In Cyprus, on the first leg of their journey back home, the evacuees spoke of anger but also hope as they related the turmoil many had unwittingly been plunged into when war erupted in the country.
“What I saw there was crazy, terrifying,” said Sami Elhaj as he prepared to board a Stansted-bound charter plane at Larnaca airport with hundreds of other evacuees. “You never expect this sort of thing to happen to you.”
Raised in Birmingham, where he works in the car manufacturing industry, the 26-year-old got caught up in Sudan’s sudden descent into violence while visiting relatives. “I had gone to support my family after my father died,” he said. “We’re all just so happy and relieved but we know there are others there who want to be where we are, who want to be here.”
The ceasefire has enabled RAF crews in Cyprus, where the UK retains two military bases, to run rescue flights out of an airfield north of Khartoum.
By late Thursday, nine such airlifts were on course to have been conducted. By early on Thursday, the third and last day of a 72-hour truce that warring generals eventually decided to extend, well-placed sources said 760 people had reached the eastern Mediterranean island. In addition to British passport holders and their dependants, dozens of American citizens and close to 70 Australians had been allowed to board the military transport planes, according to diplomats. For all, the journeys have signified freedom but also life guaranteed after weeks in a war zone that has become increasingly brutal.
For Khadija Mohamed, a nursery school teacher who had flown to Khartoum on 7 April, before tensions between Sudan’s armed forces and the paramilitary Rapid Support Forces (RSF) spiralled into savagery, the last few weeks had given her a glimpse of living hell. By the time she touched down in Cyprus – the EU’s most easterly member state and a regional hub for the evacuation of non-combatants – on a C-130 Hercules, she had witnessed gun blasts and shootings, seen dead bodies strewn in the streets “if you can imagine that” and smelt the acrid stench of burnt-out, and burning, cars: a tableau of devastation she had never thought possible when she flew out to visit family.
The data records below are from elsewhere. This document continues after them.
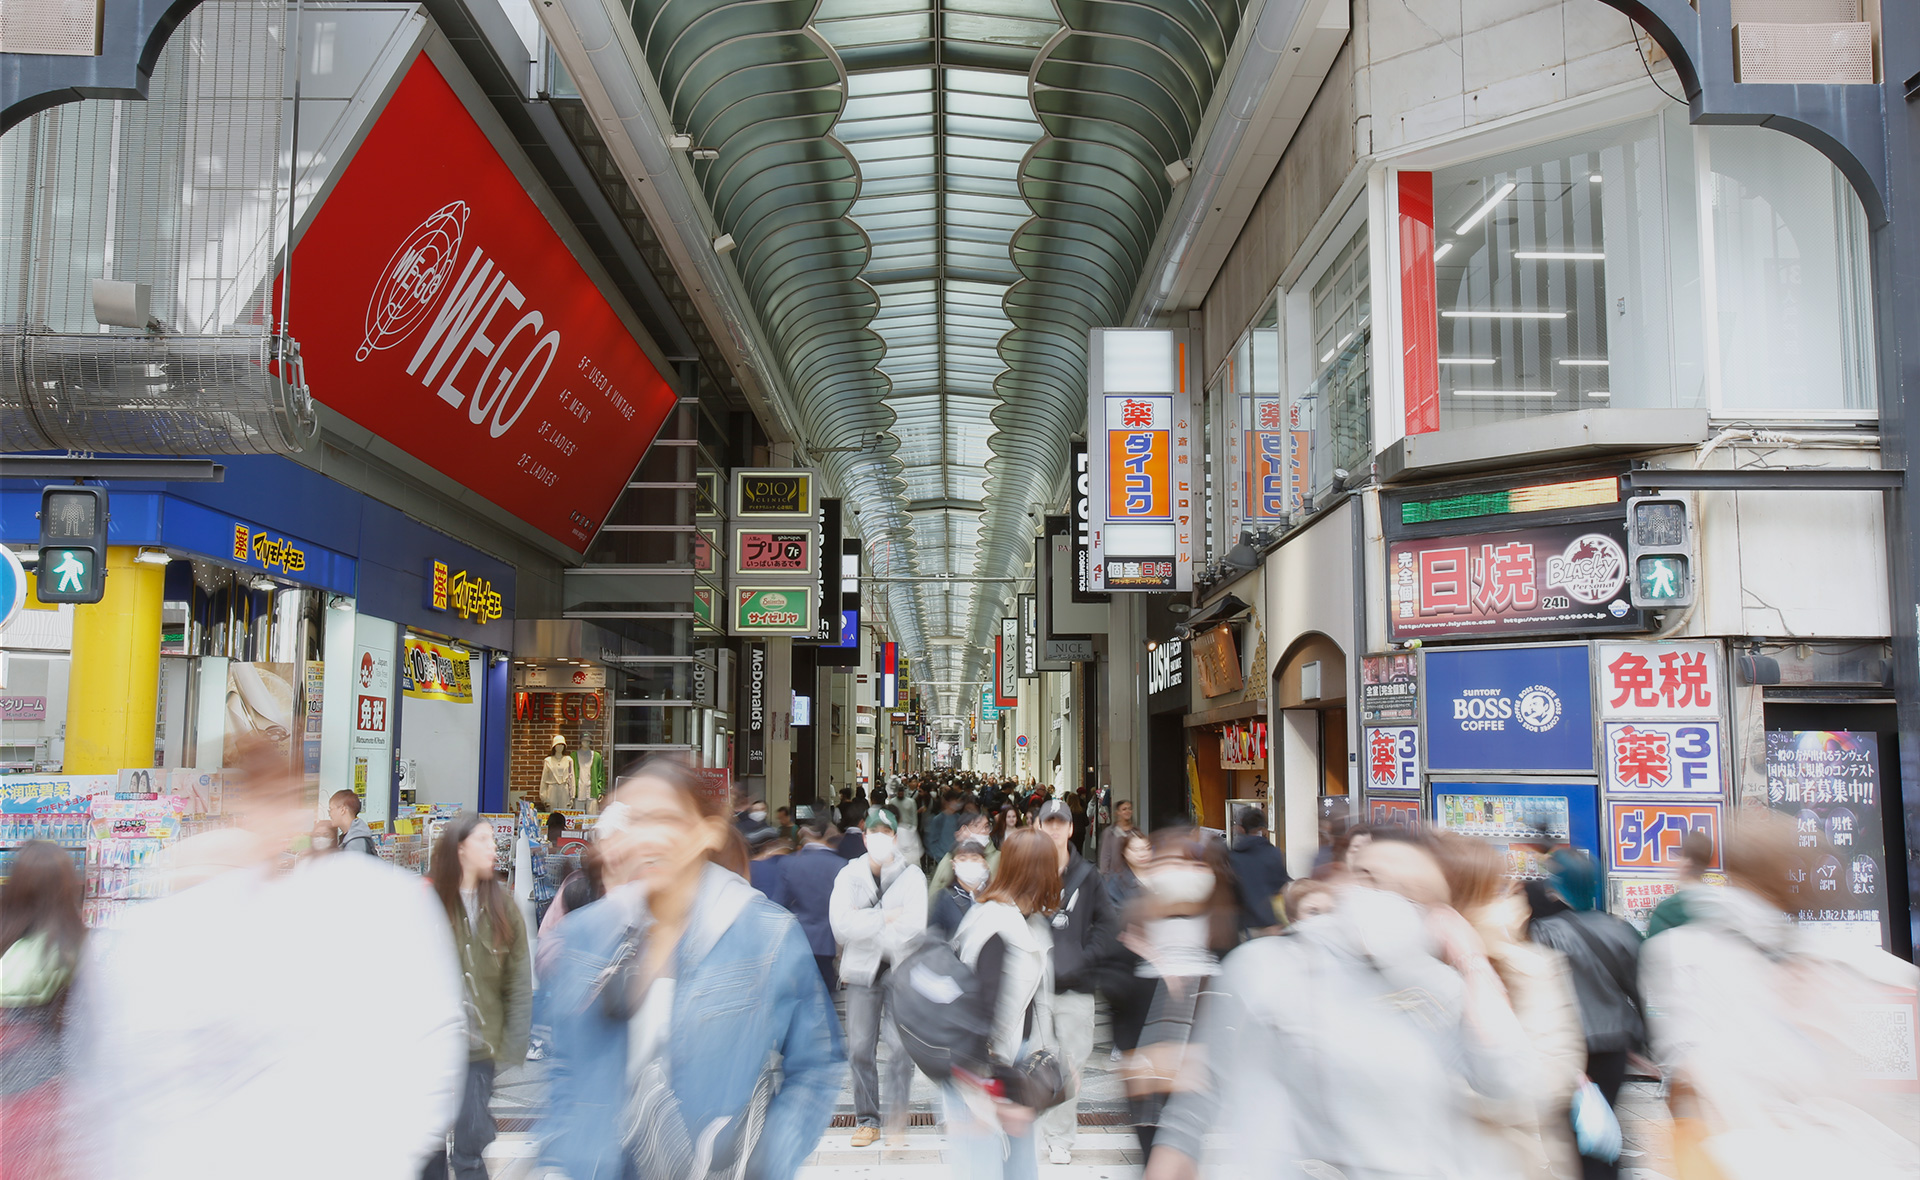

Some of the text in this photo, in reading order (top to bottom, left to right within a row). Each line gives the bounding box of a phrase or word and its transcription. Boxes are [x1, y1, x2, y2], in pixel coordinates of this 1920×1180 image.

[406, 246, 560, 438] WEGO
[604, 385, 613, 397] &
[610, 389, 636, 421] VINTAGE
[1120, 399, 1154, 428] 薬
[1125, 432, 1153, 514] ダイコク
[756, 482, 788, 496] DIO
[1178, 481, 1190, 563] ヒロタビル
[234, 525, 248, 560] 薬
[1094, 531, 1102, 548] 1F
[253, 532, 304, 574] マツモトキヨシ
[747, 541, 800, 560] プリ 7F
[746, 560, 794, 568] いっぱいあるで
[1093, 564, 1103, 582] 4F
[1107, 561, 1173, 578] 個室日焼
[434, 560, 448, 611] 薬
[1398, 551, 1414, 618] 完全個室
[1419, 541, 1538, 617] 日焼
[1572, 581, 1616, 591] Personal
[451, 570, 502, 624] マツモトキヨシ
[1543, 596, 1569, 610] 24h
[748, 611, 799, 625] サイゼリヤ
[1005, 621, 1016, 694] ジャパンライフ
[1055, 643, 1083, 653] NICE
[1149, 642, 1170, 695] LUSH
[751, 649, 763, 731] McDonald's
[1608, 651, 1712, 709] 免税
[1518, 685, 1534, 699] BOSS
[1534, 684, 1557, 698] COFFEE
[361, 698, 384, 730] 免税
[1453, 698, 1513, 719] BOSS
[1514, 699, 1524, 723] COFFEE
[1554, 697, 1562, 715] BOSS
[1461, 720, 1505, 731] COFFEE
[1540, 715, 1560, 732] COFFEE
[1369, 728, 1399, 786] 薬
[1399, 729, 1416, 786] 3F
[1612, 726, 1672, 788] 薬
[1675, 727, 1712, 788] 3F
[1767, 763, 1875, 778] 国内最大規模のコンテスト
[1769, 778, 1874, 805] 参加者募集中!!
[497, 825, 512, 833] 278
[1797, 816, 1853, 833] 女性 男性
[1798, 833, 1853, 848] 部門 部門
[1816, 864, 1837, 878] ペア
[1625, 884, 1676, 897] 未経験者
[1819, 879, 1837, 891] 部門
Nursery school teacher Khadija Mohamed and her niece Rodina. Photograph: Helena Smith/The Guardian
“It was terrible,” said the soft-spoken 53-year-old as she stood in line with other relatives at a check-in counter in Larnaca. “We really appreciate what the British people have done for us.”
Mohamed, who has lived in Bristol since 2003 and has dual citizenship, recounted the perils of reaching the Wadi Seidna airbase without an escort.
“I was, we all were, very frightened,” she said putting a reassuring arm around her niece. “There were a lot of checkpoints manned by the Sudanese army along the way. Each time you had to show your passport and it was really scary. Your stomach was in your mouth.”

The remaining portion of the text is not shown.